[Phrase grounding data]
::::::

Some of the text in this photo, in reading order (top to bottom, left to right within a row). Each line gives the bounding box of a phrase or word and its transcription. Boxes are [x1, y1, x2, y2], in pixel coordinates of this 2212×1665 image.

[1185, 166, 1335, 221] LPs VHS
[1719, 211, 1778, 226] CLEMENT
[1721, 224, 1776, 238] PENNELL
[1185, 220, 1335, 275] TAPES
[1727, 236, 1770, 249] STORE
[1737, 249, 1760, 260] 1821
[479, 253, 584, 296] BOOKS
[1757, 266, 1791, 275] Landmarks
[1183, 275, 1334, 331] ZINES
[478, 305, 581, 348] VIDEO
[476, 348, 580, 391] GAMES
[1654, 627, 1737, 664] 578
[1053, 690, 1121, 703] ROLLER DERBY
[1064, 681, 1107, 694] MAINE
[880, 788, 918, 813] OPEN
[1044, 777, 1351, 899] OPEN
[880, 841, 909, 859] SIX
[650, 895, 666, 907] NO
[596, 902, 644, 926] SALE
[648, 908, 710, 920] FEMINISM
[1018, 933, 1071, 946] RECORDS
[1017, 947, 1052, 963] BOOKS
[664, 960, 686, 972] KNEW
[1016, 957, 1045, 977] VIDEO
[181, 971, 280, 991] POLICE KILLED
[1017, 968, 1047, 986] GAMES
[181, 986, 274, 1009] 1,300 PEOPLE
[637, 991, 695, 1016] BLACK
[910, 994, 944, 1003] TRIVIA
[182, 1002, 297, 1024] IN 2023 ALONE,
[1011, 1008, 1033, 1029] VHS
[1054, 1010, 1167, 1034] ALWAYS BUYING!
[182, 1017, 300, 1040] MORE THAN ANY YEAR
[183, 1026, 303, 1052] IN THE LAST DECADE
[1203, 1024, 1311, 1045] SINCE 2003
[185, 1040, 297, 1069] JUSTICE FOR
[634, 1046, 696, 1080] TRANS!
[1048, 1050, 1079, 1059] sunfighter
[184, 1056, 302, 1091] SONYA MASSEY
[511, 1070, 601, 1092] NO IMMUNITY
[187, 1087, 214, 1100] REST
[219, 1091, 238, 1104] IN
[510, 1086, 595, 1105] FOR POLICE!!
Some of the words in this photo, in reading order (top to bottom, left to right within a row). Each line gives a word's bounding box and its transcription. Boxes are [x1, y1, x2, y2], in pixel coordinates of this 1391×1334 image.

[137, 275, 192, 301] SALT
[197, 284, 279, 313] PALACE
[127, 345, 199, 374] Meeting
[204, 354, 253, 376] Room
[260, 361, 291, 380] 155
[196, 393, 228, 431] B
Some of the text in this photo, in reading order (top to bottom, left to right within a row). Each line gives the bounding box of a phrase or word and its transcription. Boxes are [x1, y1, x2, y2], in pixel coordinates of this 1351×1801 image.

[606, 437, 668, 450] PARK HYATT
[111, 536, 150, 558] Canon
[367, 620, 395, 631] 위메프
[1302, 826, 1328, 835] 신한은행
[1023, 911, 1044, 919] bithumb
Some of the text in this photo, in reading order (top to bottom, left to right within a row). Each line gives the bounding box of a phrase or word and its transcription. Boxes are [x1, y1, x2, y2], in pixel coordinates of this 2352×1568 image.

::::::

* **WHAT IS BEING ASKED**
Print exactly, and only, the lines from the line that contains "Some of the words" through the last line of the records.

* **RESULT OF THE TASK**
Some of the words in this photo, in reading order (top to bottom, left to right within a row). Each line gives a word's bounding box and its transcription. Boxes are [x1, y1, x2, y2], in pixel coordinates of this 1391×1334 image.

[137, 275, 192, 301] SALT
[197, 284, 279, 313] PALACE
[127, 345, 199, 374] Meeting
[204, 354, 253, 376] Room
[260, 361, 291, 380] 155
[196, 393, 228, 431] B
Some of the text in this photo, in reading order (top to bottom, left to right within a row). Each line gives the bounding box of a phrase or word and its transcription. Boxes are [x1, y1, x2, y2], in pixel coordinates of this 1351×1801 image.

[606, 437, 668, 450] PARK HYATT
[111, 536, 150, 558] Canon
[367, 620, 395, 631] 위메프
[1302, 826, 1328, 835] 신한은행
[1023, 911, 1044, 919] bithumb
Some of the text in this photo, in reading order (top to bottom, left to right within a row). Each line gives the bounding box of a phrase or word and its transcription. Boxes are [x1, y1, x2, y2], in pixel coordinates of this 2352×1568 image.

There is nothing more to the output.